### What you have to do
Please return the whole listing. Keep each line exactly the same.

### Material provided
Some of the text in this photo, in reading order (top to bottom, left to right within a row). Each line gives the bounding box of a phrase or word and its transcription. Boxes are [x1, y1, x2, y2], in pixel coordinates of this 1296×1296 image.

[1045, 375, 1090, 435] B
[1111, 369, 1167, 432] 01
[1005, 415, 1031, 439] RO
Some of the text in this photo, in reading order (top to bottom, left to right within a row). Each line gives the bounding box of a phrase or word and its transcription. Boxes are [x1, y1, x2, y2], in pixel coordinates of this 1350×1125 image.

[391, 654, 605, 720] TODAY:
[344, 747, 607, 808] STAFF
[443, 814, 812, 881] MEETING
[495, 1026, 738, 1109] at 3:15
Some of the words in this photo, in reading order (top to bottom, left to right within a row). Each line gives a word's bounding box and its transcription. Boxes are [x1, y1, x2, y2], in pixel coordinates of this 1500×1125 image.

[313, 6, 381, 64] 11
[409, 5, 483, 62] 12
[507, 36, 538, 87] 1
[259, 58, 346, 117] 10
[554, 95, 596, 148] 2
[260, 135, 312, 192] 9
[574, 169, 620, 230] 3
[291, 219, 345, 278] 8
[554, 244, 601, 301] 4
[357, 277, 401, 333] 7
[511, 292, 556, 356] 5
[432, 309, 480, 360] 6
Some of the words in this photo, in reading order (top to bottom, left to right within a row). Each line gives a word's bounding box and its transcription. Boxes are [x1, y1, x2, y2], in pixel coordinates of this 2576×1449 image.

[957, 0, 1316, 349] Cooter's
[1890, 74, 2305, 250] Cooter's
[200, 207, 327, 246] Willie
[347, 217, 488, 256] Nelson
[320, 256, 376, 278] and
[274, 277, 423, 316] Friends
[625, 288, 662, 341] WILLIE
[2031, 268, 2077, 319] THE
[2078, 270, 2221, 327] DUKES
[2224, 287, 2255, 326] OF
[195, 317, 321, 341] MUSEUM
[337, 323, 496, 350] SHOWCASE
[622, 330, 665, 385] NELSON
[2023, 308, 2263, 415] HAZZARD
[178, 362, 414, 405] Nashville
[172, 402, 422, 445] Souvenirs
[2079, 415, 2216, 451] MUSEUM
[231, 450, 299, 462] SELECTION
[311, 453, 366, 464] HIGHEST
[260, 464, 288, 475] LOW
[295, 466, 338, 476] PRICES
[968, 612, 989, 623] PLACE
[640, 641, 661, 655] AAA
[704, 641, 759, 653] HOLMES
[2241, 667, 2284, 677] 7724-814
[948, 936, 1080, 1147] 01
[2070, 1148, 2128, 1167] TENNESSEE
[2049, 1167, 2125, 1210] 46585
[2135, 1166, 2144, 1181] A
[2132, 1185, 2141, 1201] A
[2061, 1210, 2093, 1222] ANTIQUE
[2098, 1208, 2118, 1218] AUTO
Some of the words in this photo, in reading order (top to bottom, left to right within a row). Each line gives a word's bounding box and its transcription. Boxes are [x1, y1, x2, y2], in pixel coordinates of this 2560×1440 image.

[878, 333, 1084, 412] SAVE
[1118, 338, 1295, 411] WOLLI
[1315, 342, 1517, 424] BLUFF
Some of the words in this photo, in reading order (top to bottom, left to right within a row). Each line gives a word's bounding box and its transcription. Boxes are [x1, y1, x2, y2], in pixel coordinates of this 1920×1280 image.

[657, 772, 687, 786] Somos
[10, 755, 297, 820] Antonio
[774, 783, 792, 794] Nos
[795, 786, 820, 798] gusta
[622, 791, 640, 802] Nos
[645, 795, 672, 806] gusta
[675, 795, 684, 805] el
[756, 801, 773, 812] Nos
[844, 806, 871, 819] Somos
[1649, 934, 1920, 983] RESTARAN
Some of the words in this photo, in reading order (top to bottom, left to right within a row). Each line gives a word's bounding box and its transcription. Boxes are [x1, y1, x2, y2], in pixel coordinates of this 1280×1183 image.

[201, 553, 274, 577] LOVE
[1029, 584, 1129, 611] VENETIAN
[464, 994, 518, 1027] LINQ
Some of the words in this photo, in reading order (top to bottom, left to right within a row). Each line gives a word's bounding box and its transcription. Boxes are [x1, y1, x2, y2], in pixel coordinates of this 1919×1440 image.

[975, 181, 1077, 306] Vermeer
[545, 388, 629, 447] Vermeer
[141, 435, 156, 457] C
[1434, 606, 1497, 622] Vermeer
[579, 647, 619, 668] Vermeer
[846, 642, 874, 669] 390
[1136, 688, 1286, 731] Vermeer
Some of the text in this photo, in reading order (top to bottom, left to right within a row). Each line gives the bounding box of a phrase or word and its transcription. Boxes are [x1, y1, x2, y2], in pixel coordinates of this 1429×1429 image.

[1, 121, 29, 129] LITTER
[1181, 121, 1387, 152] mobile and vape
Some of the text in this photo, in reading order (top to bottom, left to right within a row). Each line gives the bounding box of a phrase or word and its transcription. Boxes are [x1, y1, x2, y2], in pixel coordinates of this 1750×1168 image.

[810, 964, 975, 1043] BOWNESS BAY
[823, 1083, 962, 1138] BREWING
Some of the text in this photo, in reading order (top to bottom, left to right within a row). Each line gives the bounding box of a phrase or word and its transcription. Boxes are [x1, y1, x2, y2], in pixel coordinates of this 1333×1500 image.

### Solved exercise
Some of the text in this photo, in reading order (top to bottom, left to right within a row). Each line gives the bounding box of a phrase or word and its transcription. Boxes are [x1, y1, x2, y2], in pixel coordinates of this 1296×1296 image.

[1045, 375, 1090, 435] B
[1111, 369, 1167, 432] 01
[1005, 415, 1031, 439] RO
Some of the text in this photo, in reading order (top to bottom, left to right within a row). Each line gives the bounding box of a phrase or word and its transcription. Boxes are [x1, y1, x2, y2], in pixel coordinates of this 1350×1125 image.

[391, 654, 605, 720] TODAY:
[344, 747, 607, 808] STAFF
[443, 814, 812, 881] MEETING
[495, 1026, 738, 1109] at 3:15
Some of the words in this photo, in reading order (top to bottom, left to right within a row). Each line gives a word's bounding box and its transcription. Boxes are [x1, y1, x2, y2], in pixel coordinates of this 1500×1125 image.

[313, 6, 381, 64] 11
[409, 5, 483, 62] 12
[507, 36, 538, 87] 1
[259, 58, 346, 117] 10
[554, 95, 596, 148] 2
[260, 135, 312, 192] 9
[574, 169, 620, 230] 3
[291, 219, 345, 278] 8
[554, 244, 601, 301] 4
[357, 277, 401, 333] 7
[511, 292, 556, 356] 5
[432, 309, 480, 360] 6
Some of the words in this photo, in reading order (top to bottom, left to right within a row). Each line gives a word's bounding box and its transcription. Boxes are [x1, y1, x2, y2], in pixel coordinates of this 2576×1449 image.

[957, 0, 1316, 349] Cooter's
[1890, 74, 2305, 250] Cooter's
[200, 207, 327, 246] Willie
[347, 217, 488, 256] Nelson
[320, 256, 376, 278] and
[274, 277, 423, 316] Friends
[625, 288, 662, 341] WILLIE
[2031, 268, 2077, 319] THE
[2078, 270, 2221, 327] DUKES
[2224, 287, 2255, 326] OF
[195, 317, 321, 341] MUSEUM
[337, 323, 496, 350] SHOWCASE
[622, 330, 665, 385] NELSON
[2023, 308, 2263, 415] HAZZARD
[178, 362, 414, 405] Nashville
[172, 402, 422, 445] Souvenirs
[2079, 415, 2216, 451] MUSEUM
[231, 450, 299, 462] SELECTION
[311, 453, 366, 464] HIGHEST
[260, 464, 288, 475] LOW
[295, 466, 338, 476] PRICES
[968, 612, 989, 623] PLACE
[640, 641, 661, 655] AAA
[704, 641, 759, 653] HOLMES
[2241, 667, 2284, 677] 7724-814
[948, 936, 1080, 1147] 01
[2070, 1148, 2128, 1167] TENNESSEE
[2049, 1167, 2125, 1210] 46585
[2135, 1166, 2144, 1181] A
[2132, 1185, 2141, 1201] A
[2061, 1210, 2093, 1222] ANTIQUE
[2098, 1208, 2118, 1218] AUTO
Some of the words in this photo, in reading order (top to bottom, left to right within a row). Each line gives a word's bounding box and its transcription. Boxes are [x1, y1, x2, y2], in pixel coordinates of this 2560×1440 image.

[878, 333, 1084, 412] SAVE
[1118, 338, 1295, 411] WOLLI
[1315, 342, 1517, 424] BLUFF
Some of the words in this photo, in reading order (top to bottom, left to right within a row). Each line gives a word's bounding box and its transcription. Boxes are [x1, y1, x2, y2], in pixel coordinates of this 1920×1280 image.

[657, 772, 687, 786] Somos
[10, 755, 297, 820] Antonio
[774, 783, 792, 794] Nos
[795, 786, 820, 798] gusta
[622, 791, 640, 802] Nos
[645, 795, 672, 806] gusta
[675, 795, 684, 805] el
[756, 801, 773, 812] Nos
[844, 806, 871, 819] Somos
[1649, 934, 1920, 983] RESTARAN
Some of the words in this photo, in reading order (top to bottom, left to right within a row). Each line gives a word's bounding box and its transcription. Boxes are [x1, y1, x2, y2], in pixel coordinates of this 1280×1183 image.

[201, 553, 274, 577] LOVE
[1029, 584, 1129, 611] VENETIAN
[464, 994, 518, 1027] LINQ
Some of the words in this photo, in reading order (top to bottom, left to right within a row). Each line gives a word's bounding box and its transcription. Boxes are [x1, y1, x2, y2], in pixel coordinates of this 1919×1440 image.

[975, 181, 1077, 306] Vermeer
[545, 388, 629, 447] Vermeer
[141, 435, 156, 457] C
[1434, 606, 1497, 622] Vermeer
[579, 647, 619, 668] Vermeer
[846, 642, 874, 669] 390
[1136, 688, 1286, 731] Vermeer
Some of the text in this photo, in reading order (top to bottom, left to right within a row). Each line gives the bounding box of a phrase or word and its transcription. Boxes are [x1, y1, x2, y2], in pixel coordinates of this 1429×1429 image.

[1, 121, 29, 129] LITTER
[1181, 121, 1387, 152] mobile and vape
Some of the text in this photo, in reading order (top to bottom, left to right within a row). Each line gives the bounding box of a phrase or word and its transcription. Boxes are [x1, y1, x2, y2], in pixel coordinates of this 1750×1168 image.

[810, 964, 975, 1043] BOWNESS BAY
[823, 1083, 962, 1138] BREWING
Some of the text in this photo, in reading order (top to bottom, left to right within a row). Each line gives the bounding box of a phrase or word and its transcription. Boxes are [x1, y1, x2, y2], in pixel coordinates of this 1333×1500 image.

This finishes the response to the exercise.